Caveat lector
6 October 1999
Our current howler (part II): Going by the book
Synopsis: Pundits slammed Buchanans message. But they rarely got around to his text.
Commentary by William Safire
Meet the Press, NBC, 9/26/99
Commentary by Pat Buchanan
Tim Russert, CNBC, 10/2/99
Smart cookie? Crackpot?
Ben Wattenberg, The Washington Times, 9/23/99
A Republic, Not an Empire
Pat Buchanan, Regnery, 1999
McCains Fresh Air
A.M. Rosenthal, The New York Times, 9/24/99
Commentary by Chris Matthews
Hardball, CNBC, 9/22/99
Pat Buchanan was engaged in an hour of backyard brawling on
cable's outstanding Tim Russert. Midway through,
host Russert played tape of William Safire from the previous week's
Meet the Press:
SAFIRE: Now with this new book, calculated for his campaign,
essentially saying that Hitler was Mr. Nice Guy and all we had
to do was let him defeat the Russians and he wouldn't have bothered
both the Jews of Poland and he wouldn't have bothered the west,
Michael [Kinsley] says that's nutty. I think that's calculated
to try to solidify a hating element in America.
It's no wonder the book has stirred such a flap, if Buchanan
has been making such comments about Hitler. Buchanan disputed
the characterization:
BUCHANAN: With regard to World War II, there is not a line
in that book saying anything that Hitler is a wonderful fella.

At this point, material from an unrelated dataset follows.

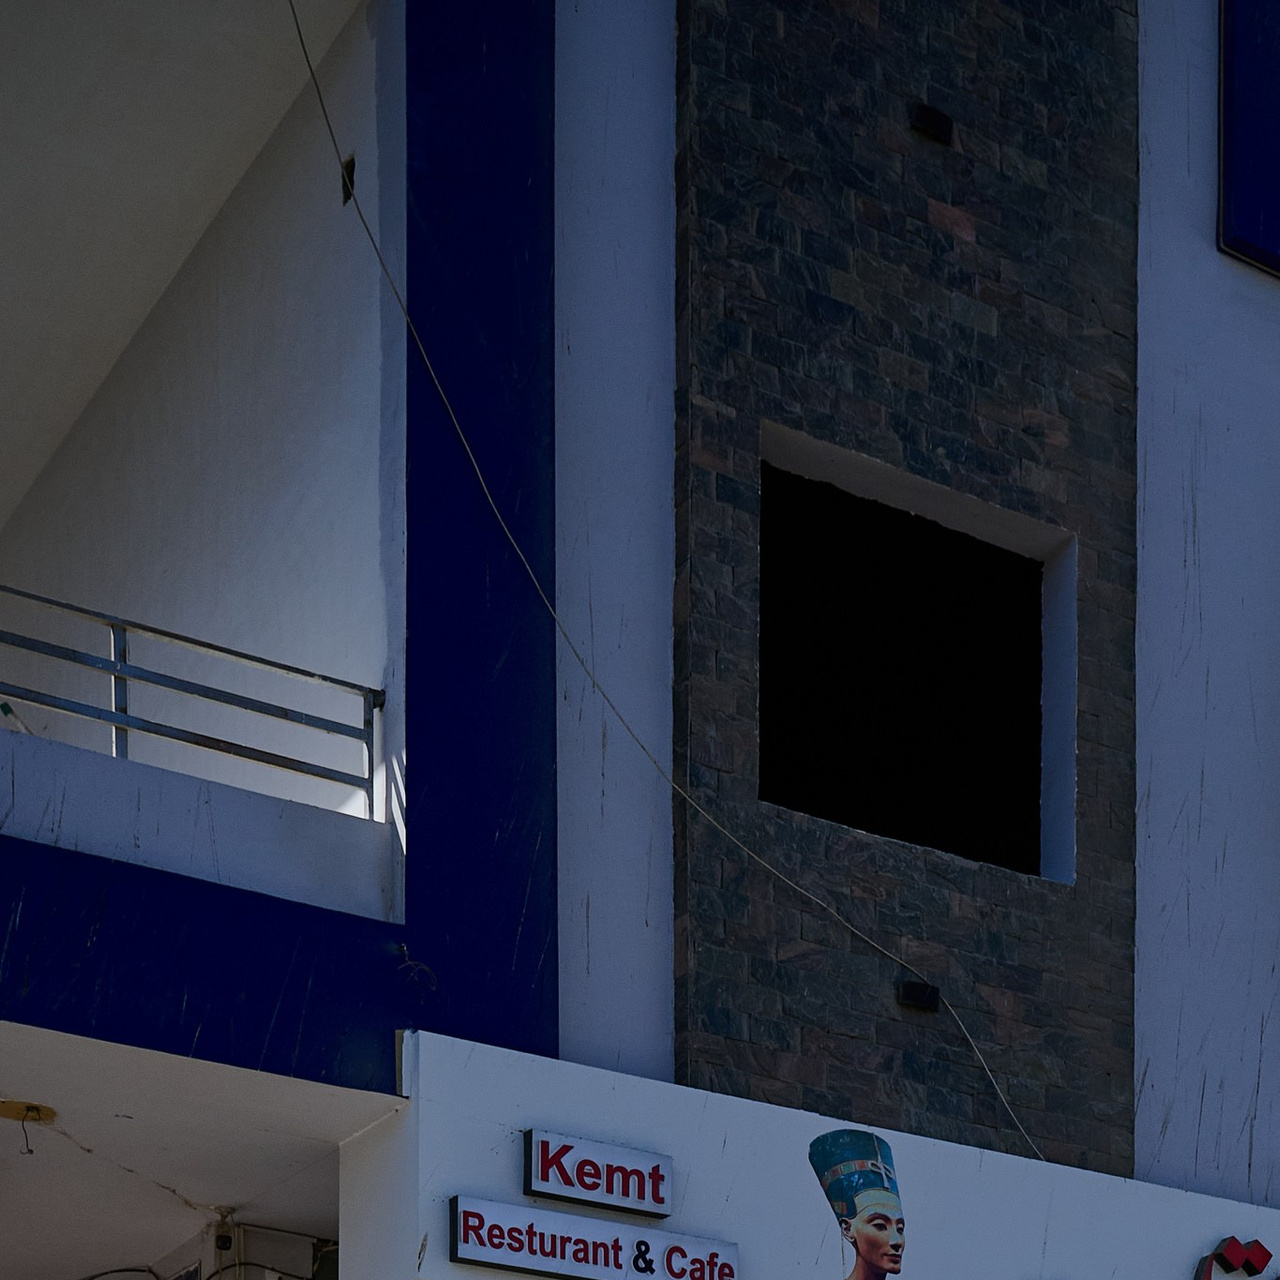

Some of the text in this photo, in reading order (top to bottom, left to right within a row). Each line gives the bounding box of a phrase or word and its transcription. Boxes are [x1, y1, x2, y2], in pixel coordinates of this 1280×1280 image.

[538, 1139, 666, 1205] Kemt
[461, 1209, 623, 1270] Resturant
[632, 1239, 656, 1275] &

He's not a nice guy. He's a beat. He's a pagan, and he's a murderer
as of 1934 when he killed all his colleagues without a trial.
But Safire wasn't the only one making such characterizations
of Buchanan-on-Hitler. Ben Wattenberg, in a syndicated column:
WATTENBERG: Mr. Buchanan says Americans were tricked into entering
the war. It was all a terrible mistake. Prime Minister Hideki
Tojo and Fuehrer Adolf Hitler were misunderstood.
Wattenberg penned repeated passages ironically discussing "misunderstood
Hitler," "the misunderstood Nazis," and "misunderstood
Japan."
Is Pat Buchanan anti-semitic? At THE HOWLER, we don't really
know. But we do know what he wrote in his bookthey have it on
sale at a local storeand, in fairness, Safire's comments are
hard to reconcile with the book's plain text. For example, here
is Buchanan's opening paragraph about "Mr. Nice Guy,"
Adolf Hitler:
BUCHANAN: Hitler had taken power five weeks before Roosevelt.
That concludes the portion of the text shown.